When did 'entanglement' become such a popular word in the social sciences and humanities? What features of this word make it such a pervasive term in contemporary anthropology in particular?
I like Antonio's assumption that the success of a concept in science depends on how it sounds. However, does "neurolinguistics" really sound great? :)
On a more serious note, one of the reasons for the popularity of terms like "entanglement" in the social sciences may be their origin in the natural sciences, especially in physics. When the term was made a central concept in quantum mechanics (in the 1930s) it served to describe the phenomenon that the quantum state of one specific particle cannot be described without relating it to certain traits of another particle, thus making both (or more) particles parts of a larger system. That would then constitute the phenomenon of "quantum entanglement." - (This is just an amateur's assessment of complicated stuff that he does not really understand).
So there are two reasons that may play a role in the success story of "entanglement":
First, it's an old tradition of modern social sciences to borrow methods and concepts from the natural sciences. This procedure seems to help improving the self-perception and self-confidence of social science as a "serious" branch of the sciences.
Second, the first reason becomes even more attractive when a concept used in modern physics illustrates perfectly how complicated and diffuse even the world of the natural sciences can be. That is because it shouldn't be a surprise then that the social world is as complicated as we know it - for similar reasons why it is so difficult to describe the quantum status of a particle without describing the complex whole it is part of.
The first time I read it, was in a very late eighties article written by Dupuy (actually it was tangled hierarchies or a similar title) and it was the usual product of that decade. Posmodernism, and all that intelectual production about "the plurality of heterogeneal discourses that might probably be tangential to any dilluted cultural intro-spaces that break down its own possibilities of social reverberance". I am being ironical, of course.
Why is it a trendy word nowadays? Well, it might a revival of those years where the stranger the concept and the more difficult to spell it, the better to be used in anthropological papers. Something similar happen with the word 'resilience' at present. Where formerly anthropologist talk about hegemony (sixties), resistence (seventies), entangled discourses (eigthies) and so on... now they talk about resilience.
Besides, we cannot discharged the fact that it is a word that sounds very well and fills pretty the atmosphere while lecturing in a room or at a conference; phonetically is quite harmonic indeed.
I like Antonio's assumption that the success of a concept in science depends on how it sounds. However, does "neurolinguistics" really sound great? :)

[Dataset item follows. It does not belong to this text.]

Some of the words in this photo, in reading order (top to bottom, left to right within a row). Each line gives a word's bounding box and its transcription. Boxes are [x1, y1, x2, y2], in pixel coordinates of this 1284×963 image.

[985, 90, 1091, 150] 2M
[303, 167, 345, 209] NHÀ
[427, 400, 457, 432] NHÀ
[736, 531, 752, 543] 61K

On a more serious note, one of the reasons for the popularity of terms like "entanglement" in the social sciences may be their origin in the natural sciences, especially in physics. When the term was made a central concept in quantum mechanics (in the 1930s) it served to describe the phenomenon that the quantum state of one specific particle cannot be described without relating it to certain traits of another particle, thus making both (or more) particles parts of a larger system. That would then constitute the phenomenon of "quantum entanglement." - (This is just an amateur's assessment of complicated stuff that he does not really understand).

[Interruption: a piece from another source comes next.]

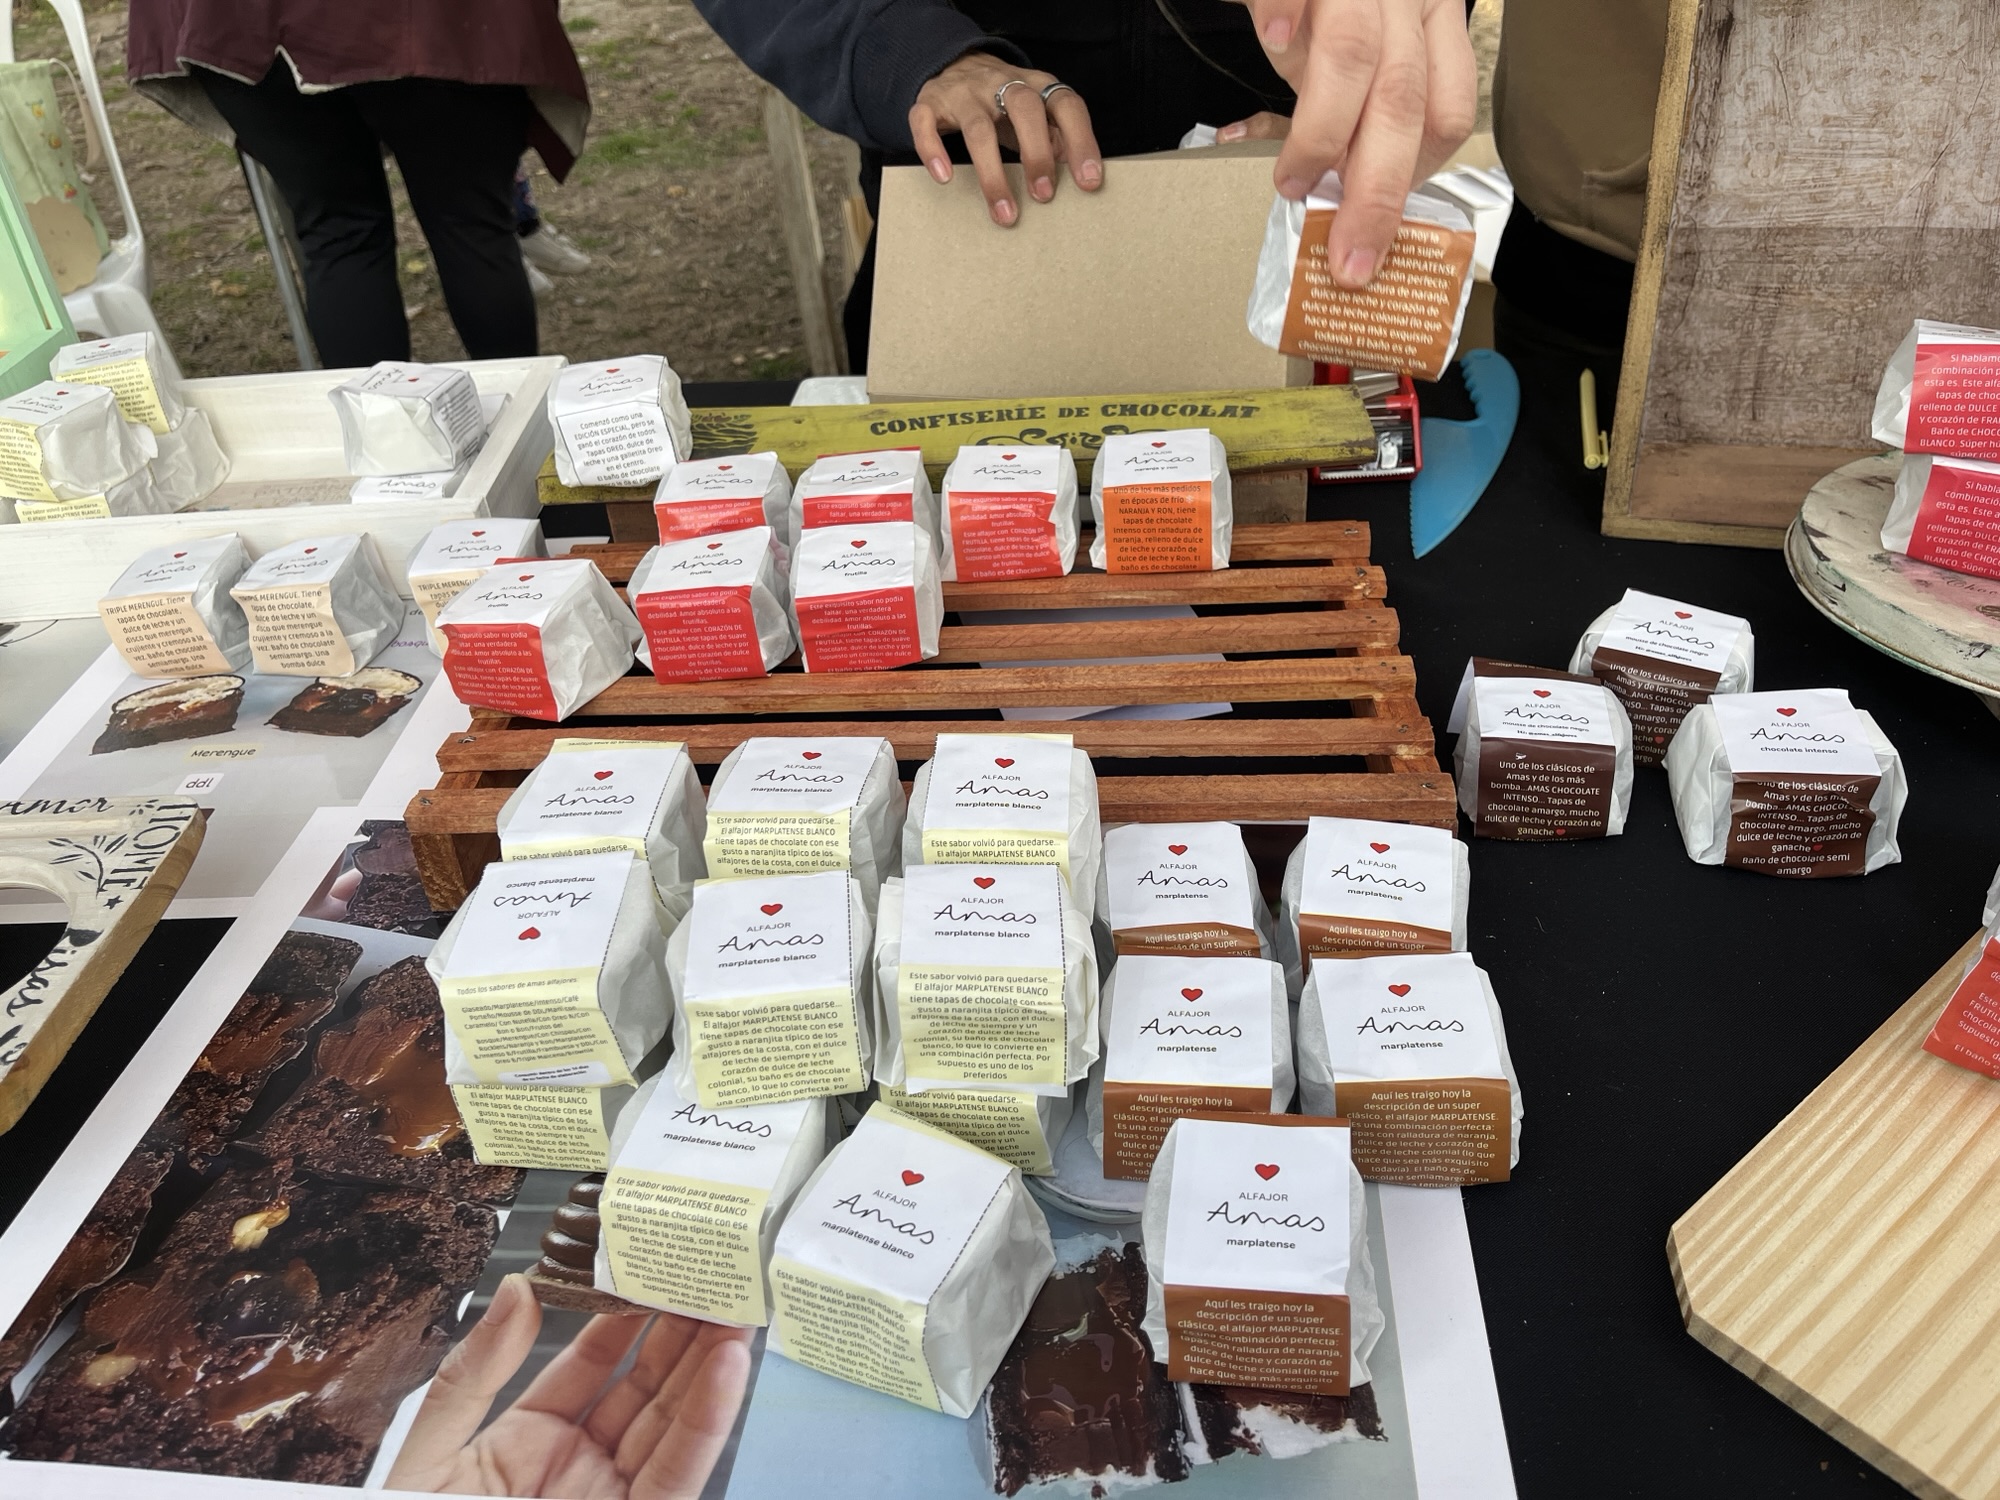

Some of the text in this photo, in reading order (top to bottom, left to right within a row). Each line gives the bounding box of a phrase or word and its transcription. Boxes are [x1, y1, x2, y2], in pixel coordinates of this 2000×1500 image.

So there are two reasons that may play a role in the success story of "entanglement":
First, it's an old tradition of modern social sciences to borrow methods and concepts from the natural sciences. This procedure seems to help improving the self-perception and self-confidence of social science as a "serious" branch of the sciences.
Second, the first reason becomes even more attractive when a concept used in modern physics illustrates perfectly how complicated and diffuse even the world of the natural sciences can be. That is because it shouldn't be a surprise then that the social world is as complicated as we know it - for similar reasons why it is so difficult to describe the quantum status of a particle without describing the complex whole it is part of.

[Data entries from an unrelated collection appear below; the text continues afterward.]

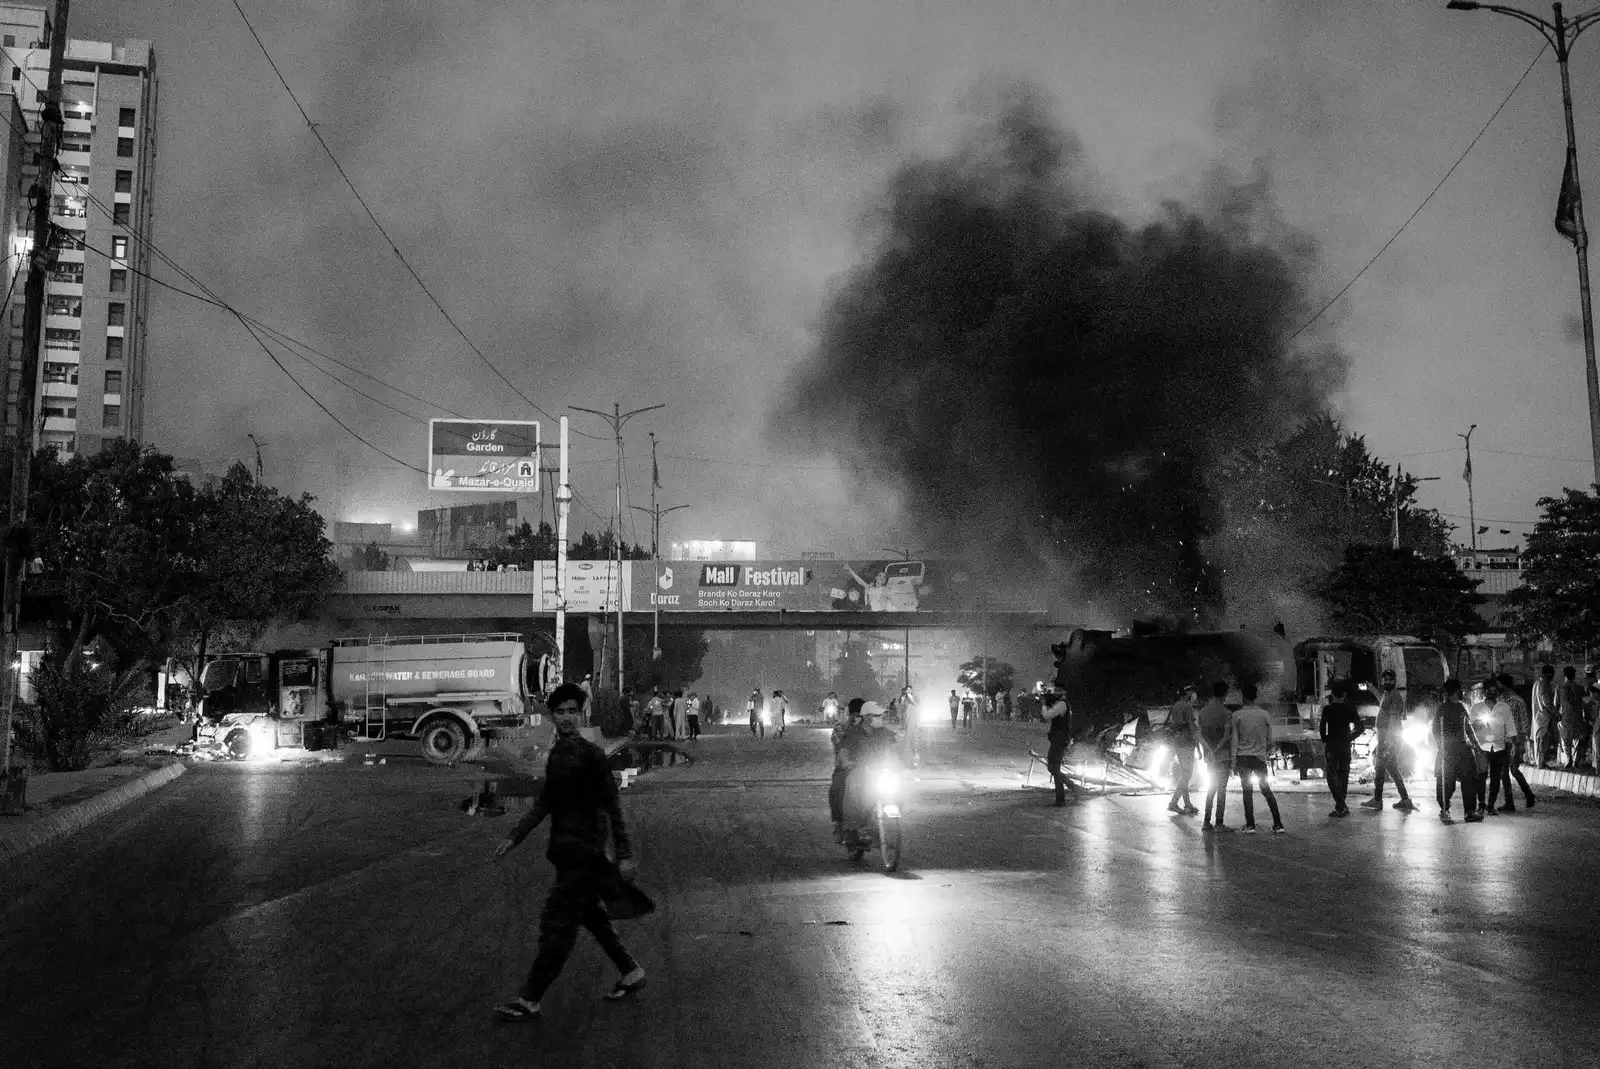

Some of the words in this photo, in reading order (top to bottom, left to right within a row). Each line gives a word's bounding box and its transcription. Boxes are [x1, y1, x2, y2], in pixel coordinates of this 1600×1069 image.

[466, 442, 503, 452] Garden
[705, 566, 734, 584] Mall
[744, 566, 803, 586] Festival
[650, 592, 680, 605] Daraz
[698, 590, 725, 598] Brands
[727, 590, 737, 598] Ko
[739, 590, 760, 598] Daraz
[762, 590, 781, 598] Karo
[698, 599, 717, 607] Soch
[719, 599, 730, 607] Ko
[732, 599, 753, 607] Daraz
[385, 671, 412, 680] WATER
[414, 671, 420, 680] &
[421, 670, 466, 680] SEWERAGE
[467, 669, 496, 678] BOARD
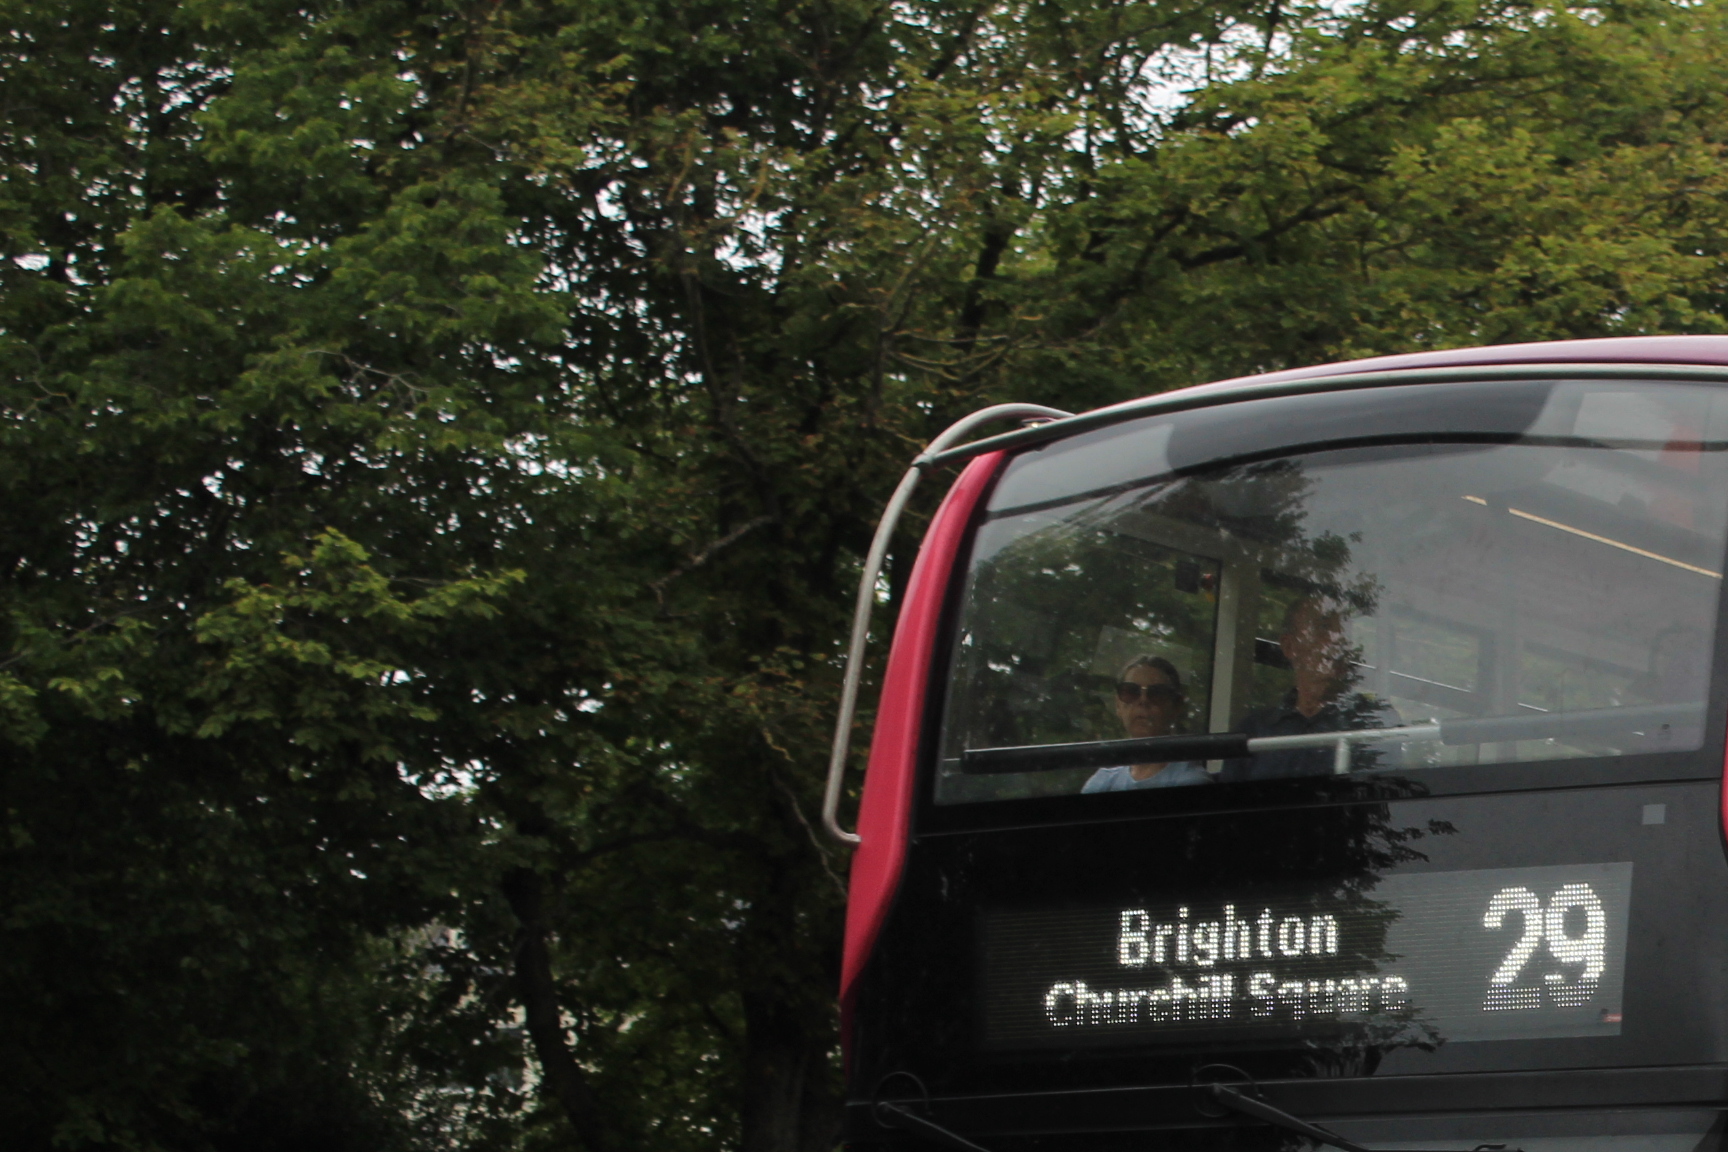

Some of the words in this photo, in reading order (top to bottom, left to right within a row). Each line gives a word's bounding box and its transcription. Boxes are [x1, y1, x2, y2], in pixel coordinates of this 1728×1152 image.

I totally agree with you!! Indeed, I was about to include that borrowing from "hard sciences" too in my previous answer. I love it. For instance, going back to the word 'resilience' nowadays and, even, to some drafted ideas I have read about social entropy and cybernetics staff to explain the complexity of social processes.
Given my disciplinary de-formation I am allowed to even sustain that there is something of an inferiority complex behind the use of those borrowed concepts. Too many social scholars keep defining and defending the rigourosity of social science against non-social ones according to their 'order of things and words' (roughly speaking this is Foucault's notion of discourse) and forgetting the scientific honesty claimed by Bourdieu in his famous "The scientific fact is conquered, constructed, confirmed". Besides, the uncritical (because they are trendy) use of these borrowed notions ignore the Weberian idea of purpose and intentionality present in any human action. This is, from my theoretical approach of course, what makes the difference between "you and me writting about these things" and "a stone just rolling downhill". You and me have an intention to write now, but the 'stupid' stone is just rolling down because some external force (my finger or an earthquake) moved it from its place.
But this is a very old and interesting though tiring discussion. I would traced it back, first, to Durkheim's idea on treating social facts as things (1895) and, then even further, to the Kantian epistemological distinction between the thing-in-itself (das Ding an sich) and the phenomenon... hence troubling the possibility of knowing the first through the second which is --empirically-- the only 'thing' we can perceive and measure,etcétera.